Casusluk mu yoksa koruma mı? Meksika'nın yeni telekomünikasyon yasasıyla ilgili çatışma

Yeni Telekomünikasyon Yasası'nın onaylanması sert bir siyasi mücadeleyi ateşledi. Muhalefet, Raymundo Riva Palacio gibi analistlerin doğrudan suçlamalarıyla yasayı kitlesel gözetlemenin kapısını açtığı gerekçesiyle eleştirirken, hükümet bu yetkilerin önceden var olduğunu savunuyor.
Vaat ettiği sosyal faydaların ötesinde, yeni Genel Telekomünikasyon ve Yayıncılık Yasası, herhangi bir demokrasinin en hassas alanlarından birine dokunan derin bir siyasi tartışmanın ortasında doğdu: devlet gözetimi korkusu. Yasanın onaylanması, hükümet ve muhalefet güçleri arasında ciddi bir suçlama başlatan bir çatışmayı tetikledi: yasanın vatandaş casusluğu için bir Truva atı olduğu.
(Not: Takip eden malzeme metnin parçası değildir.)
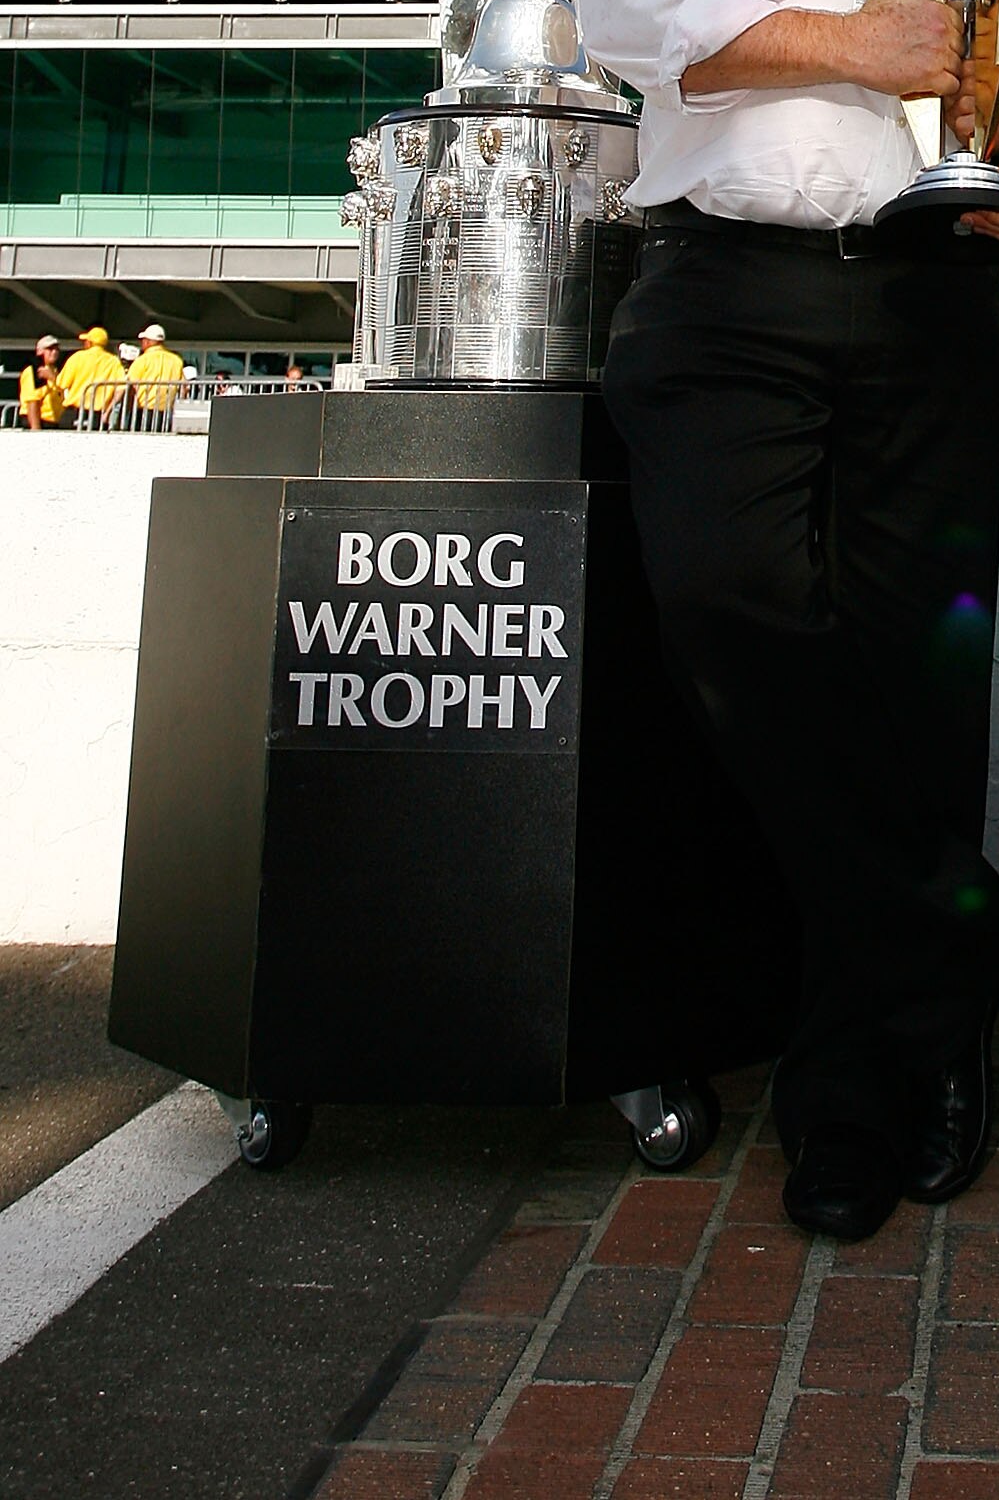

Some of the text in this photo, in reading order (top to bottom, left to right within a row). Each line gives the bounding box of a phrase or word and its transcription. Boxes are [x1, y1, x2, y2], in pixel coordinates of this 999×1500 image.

[336, 531, 526, 588] BORG
[287, 600, 569, 658] WARNER
[288, 671, 562, 729] TROPHY
Çatışmanın özü, muhalif yasama organlarına göre federal hükümete vatandaşların iletişimlerini yeterli denetim ve denge olmaksızın izleme yetkisi veren belirli maddelerin yorumlanmasında yatmaktadır. Bu endişe Kongre dışındaki eleştirel sesler tarafından daha da güçlendirilmiştir. Örneğin gazeteci Raymundo Riva Palacio, Başkan Claudia Sheinbaum'u yasanın kapsamı hakkında yalan söylemekle doğrudan suçlayarak ve açıkça "O bir casus." diyerek sert davranmıştır.
"Evet, o bir casus": Riva Palacio, Sheinbaum'u Telekomünikasyon Yasası uyarınca yalan söylemekle suçluyor.
Bu ifade muhalefetin söylemini özetliyor: Hükümet, yasal çerçeveyi modernize etme ve egemenliği koruma bahanesiyle aslında medeni özgürlükleri tehdit eden bir gözetleme mimarisi inşa ediyor.
Bu suçlamalar karşısında resmi tutum kararlıydı. Hem Başkan Sheinbaum hem de Dijital Dönüşüm Ajansı başkanı José Merino, söz konusu maddelerin bu yönetimin bir yeniliği olmadığını savundu. Bu yetkilerin zaten 2014 yasasına dahil edildiğini ve bu nedenle yeni bir casusluk mekanizmasının oluşturulmadığını savunuyorlar.
Hükümetin savunması, güvenlik ve gözetlemeyle ilgili statükonun değiştirilmediğini iddia ederek alarmları yatıştırmaya çalışan yasal süreklilik argümanına odaklanıyor. Ancak, bu teknik argüman, uzun süredir devam eden bir güç güvensizliğinin şekillendirdiği kamu algısıyla çelişiyor.
Bu teknik-yasal tartışmanın altında güç ve anlatı için bir mücadele yatıyor. Orijinal haber kaynağının kendisi "medya gücünü" temel bir faktör olarak tanımlıyor. Yabancı propaganda ve toplum medyasının güçlendirilmesiyle ilgili hükümleri olan yeni yasa, bazıları tarafından hükümetin, geleneksel olarak kamuoyu üzerinde muazzam bir etkiye sahip olan büyük medya holdingleri karşısında güç dengesini yeniden sağlama girişimi olarak görülüyor.
Dolayısıyla casusluk tartışması bu daha geniş mücadeleden ayrı tutulamaz. Muhalefet için, hükümetin otoriter eğilimlerinin kanıtıdır. Hükümet için, kurumun çıkarlarını tehdit eden bir yasaya verdiği tepki olabilir.
Güven veya güven eksikliği gerçek savaş alanıdır. Vatandaşlar için geriye kalan soru, belirli bir maddenin tam olarak nasıl yazıldığı değil, çok daha temel bir sorudur: Mevcut hükümete, yasa tarafından kendisine verilen yetkileri kötüye kullanmayacağına güvenilebilir mi? Bu sorunun cevabı, bu tartışmalı reformun mirasını tanımlayacaktır.